Desistência em particulares é ainda maior
A pesquisa ainda mostra que, enquanto a taxa de alunos que desistem do curso ao longo da formação é de 6,7% nas universidades públicas, nas particulares chega a 10,4%. Mais de 131 mil estudantes passaram em universidades públicas da Bahia e, destes, 8.766, desistiram. Nas privadas, 430 mil estudantes entraram, sendo que 45 mil deles desistiram entre 2016 e 2021. A taxa de desistência é calculada com base nas taxas de alunos ingressantes e desistentes, sem considerar formados.

Para Ihanmarck Damasceno, vice-presidente de Acadêmico e Relações Institucionais da Rede FTC, três fatores principais explicam a evasão. Segundo ele, que possui experiência como docente e executivo, arrependimento de escolha do curso, hábitos de estudos não consolidados e dificuldades financeiras são os grandes responsáveis pela desistência. Ihanmarck analisa que alunos em geral se matriculam em faculdades privadas alguns anos após a finalização do ensino médio, o que causa lacunas de aprendizagem e pressão para priorizar o trabalho.

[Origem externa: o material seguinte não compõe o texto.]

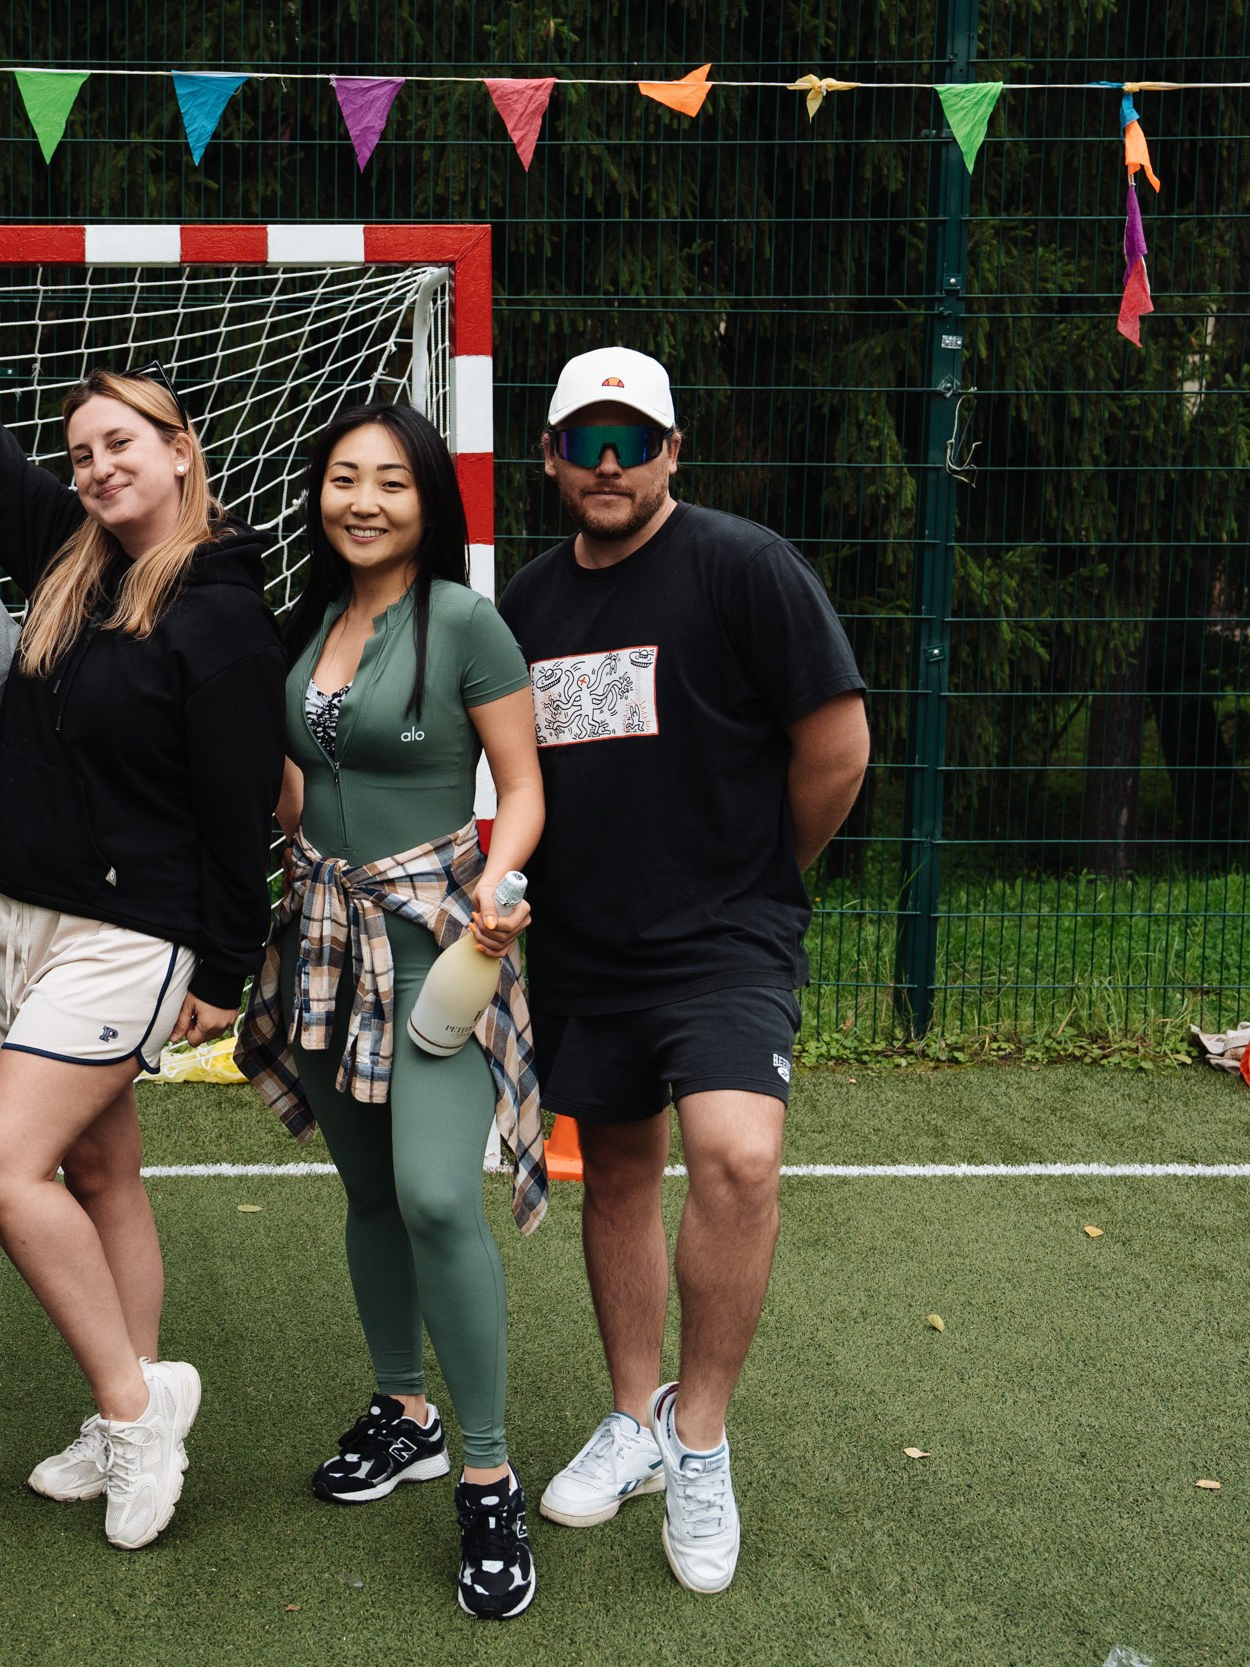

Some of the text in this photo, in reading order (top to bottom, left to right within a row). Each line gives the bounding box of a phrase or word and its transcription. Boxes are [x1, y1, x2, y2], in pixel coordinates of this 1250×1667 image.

[400, 725, 425, 742] alo
[98, 1025, 119, 1043] P
[388, 1436, 418, 1462] N
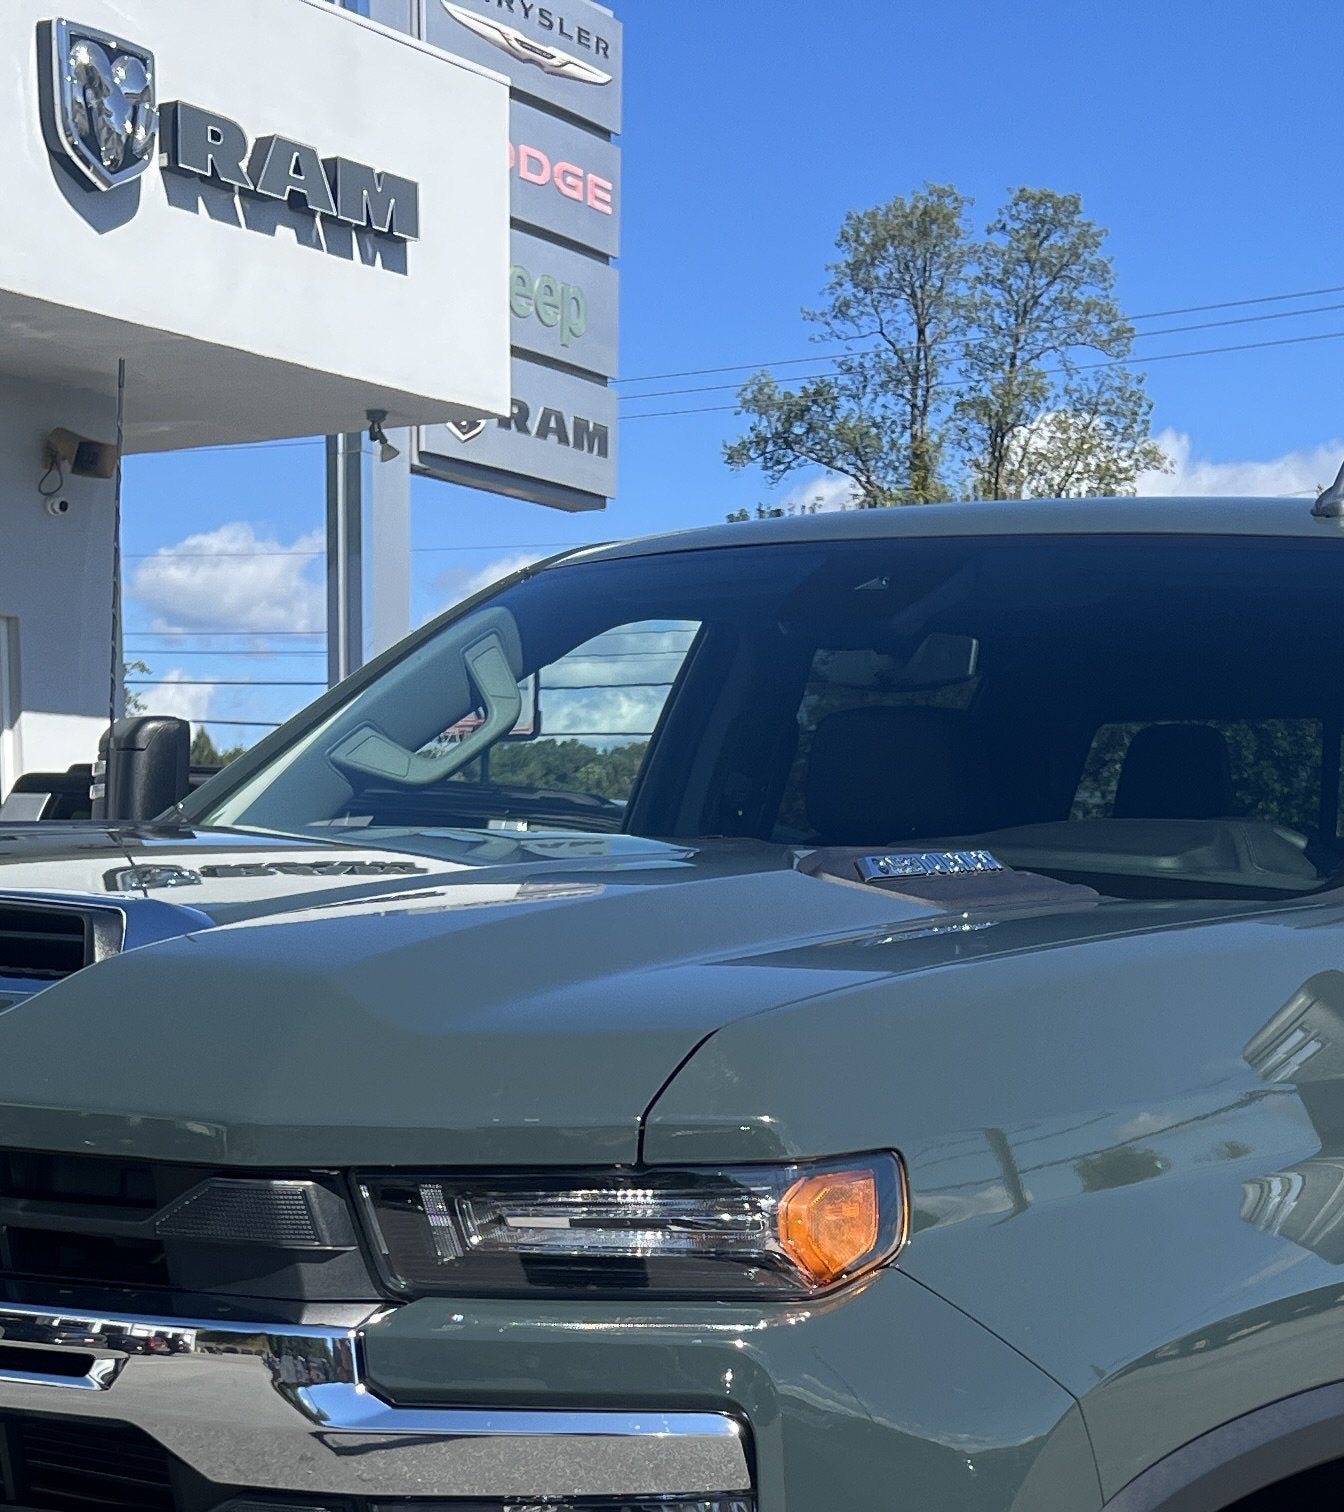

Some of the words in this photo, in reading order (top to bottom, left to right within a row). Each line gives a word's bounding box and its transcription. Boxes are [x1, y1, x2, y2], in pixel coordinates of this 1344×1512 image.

“A faixa etária esperada para que o jovem inicie no ensino superior é a partir dos 17 anos, assim que concluir o ensino médio. Mas isso não é a realidade para boa parte dos que ingressam no ensino superior brasileiro”, afirma. Apesar de Ihanmarck considerar fatores econômicos como secundários, histórias de alunos demonstram que eles impactam e muito.